[Saved entries]
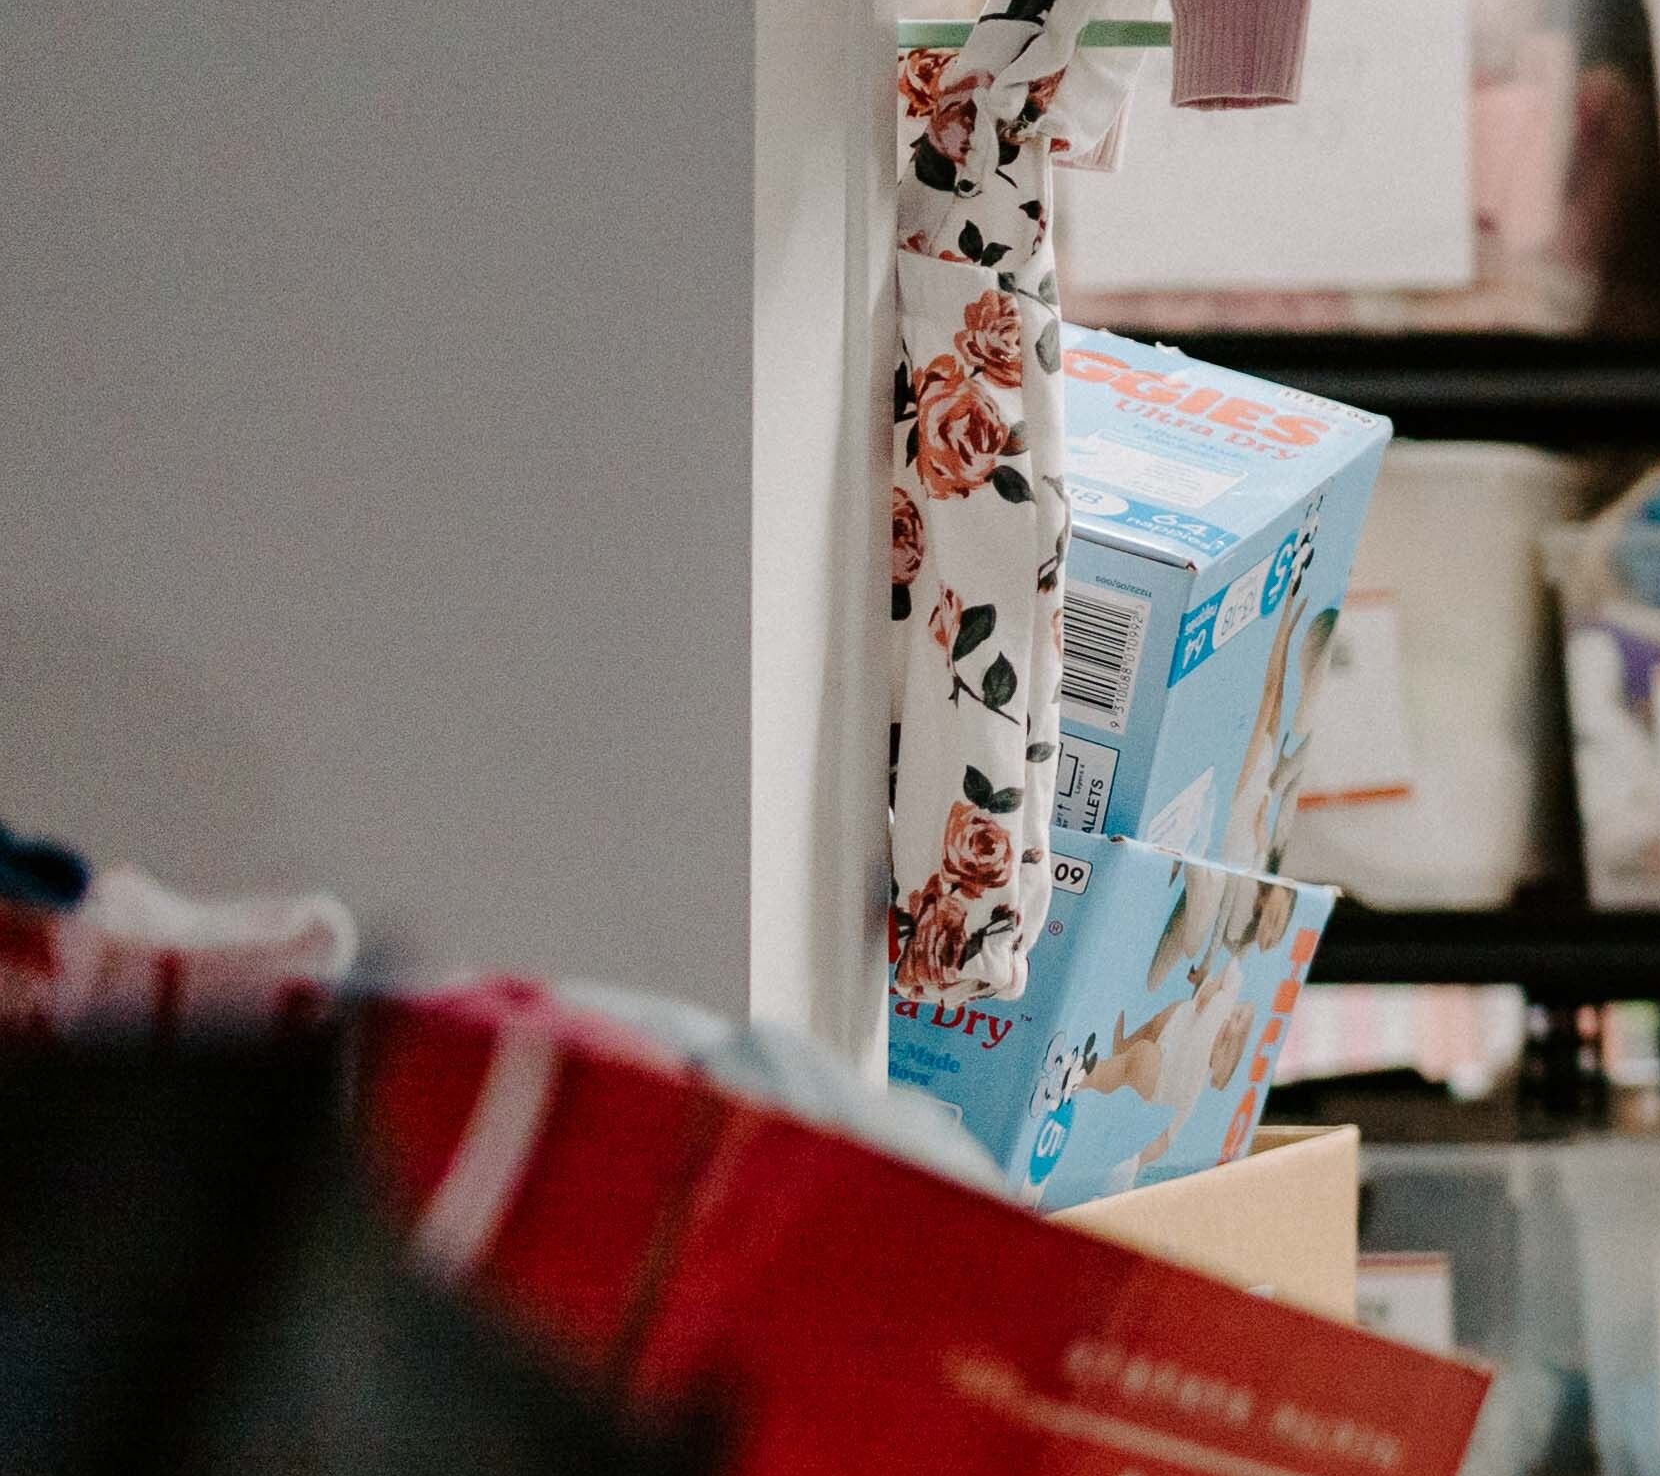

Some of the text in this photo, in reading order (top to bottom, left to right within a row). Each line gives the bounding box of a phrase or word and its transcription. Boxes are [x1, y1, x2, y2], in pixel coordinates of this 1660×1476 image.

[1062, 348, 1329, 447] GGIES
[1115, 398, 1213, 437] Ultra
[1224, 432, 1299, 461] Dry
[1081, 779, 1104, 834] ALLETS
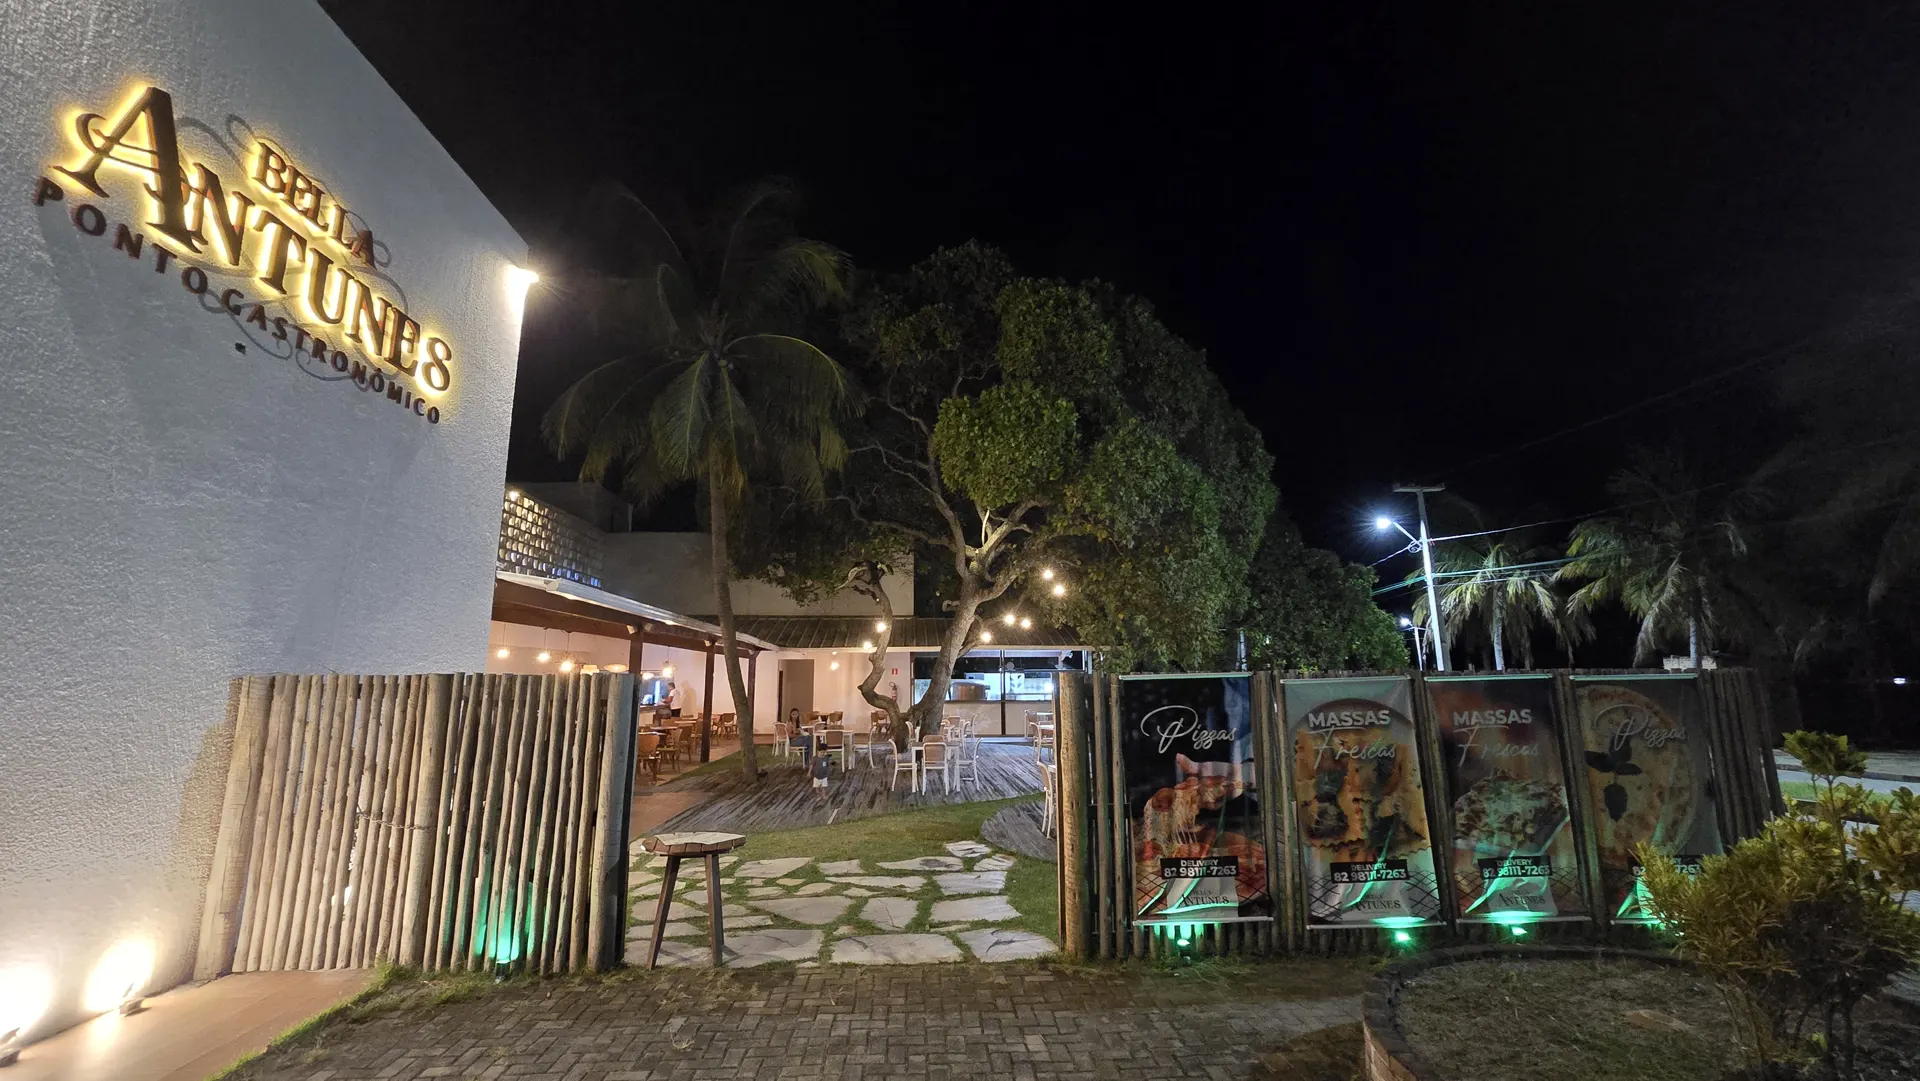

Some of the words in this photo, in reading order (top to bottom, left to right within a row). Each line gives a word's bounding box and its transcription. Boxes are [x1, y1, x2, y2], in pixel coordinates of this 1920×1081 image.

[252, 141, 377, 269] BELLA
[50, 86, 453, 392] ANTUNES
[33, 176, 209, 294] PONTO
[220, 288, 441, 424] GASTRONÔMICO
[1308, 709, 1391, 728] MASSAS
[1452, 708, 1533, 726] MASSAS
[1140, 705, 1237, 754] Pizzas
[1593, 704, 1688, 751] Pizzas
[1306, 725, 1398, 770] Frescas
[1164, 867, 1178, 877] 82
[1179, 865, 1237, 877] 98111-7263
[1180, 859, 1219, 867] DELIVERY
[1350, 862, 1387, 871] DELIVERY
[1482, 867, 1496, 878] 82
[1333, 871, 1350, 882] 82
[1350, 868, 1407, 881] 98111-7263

Assignment:
Your answer must be an exact copy of the entries above, with no pictures in it.

Response:
Some of the text in this photo, in reading order (top to bottom, left to right within a row). Each line gives the bounding box of a phrase or word and its transcription. Boxes are [x1, y1, x2, y2], in pixel coordinates of this 1660×1476 image.

[1062, 348, 1329, 447] GGIES
[1115, 398, 1213, 437] Ultra
[1224, 432, 1299, 461] Dry
[1081, 779, 1104, 834] ALLETS

Some of the words in this photo, in reading order (top to bottom, left to right within a row). Each line gives a word's bounding box and its transcription. Boxes are [x1, y1, x2, y2], in pixel coordinates of this 1920×1081 image.

[252, 141, 377, 269] BELLA
[50, 86, 453, 392] ANTUNES
[33, 176, 209, 294] PONTO
[220, 288, 441, 424] GASTRONÔMICO
[1308, 709, 1391, 728] MASSAS
[1452, 708, 1533, 726] MASSAS
[1140, 705, 1237, 754] Pizzas
[1593, 704, 1688, 751] Pizzas
[1306, 725, 1398, 770] Frescas
[1164, 867, 1178, 877] 82
[1179, 865, 1237, 877] 98111-7263
[1180, 859, 1219, 867] DELIVERY
[1350, 862, 1387, 871] DELIVERY
[1482, 867, 1496, 878] 82
[1333, 871, 1350, 882] 82
[1350, 868, 1407, 881] 98111-7263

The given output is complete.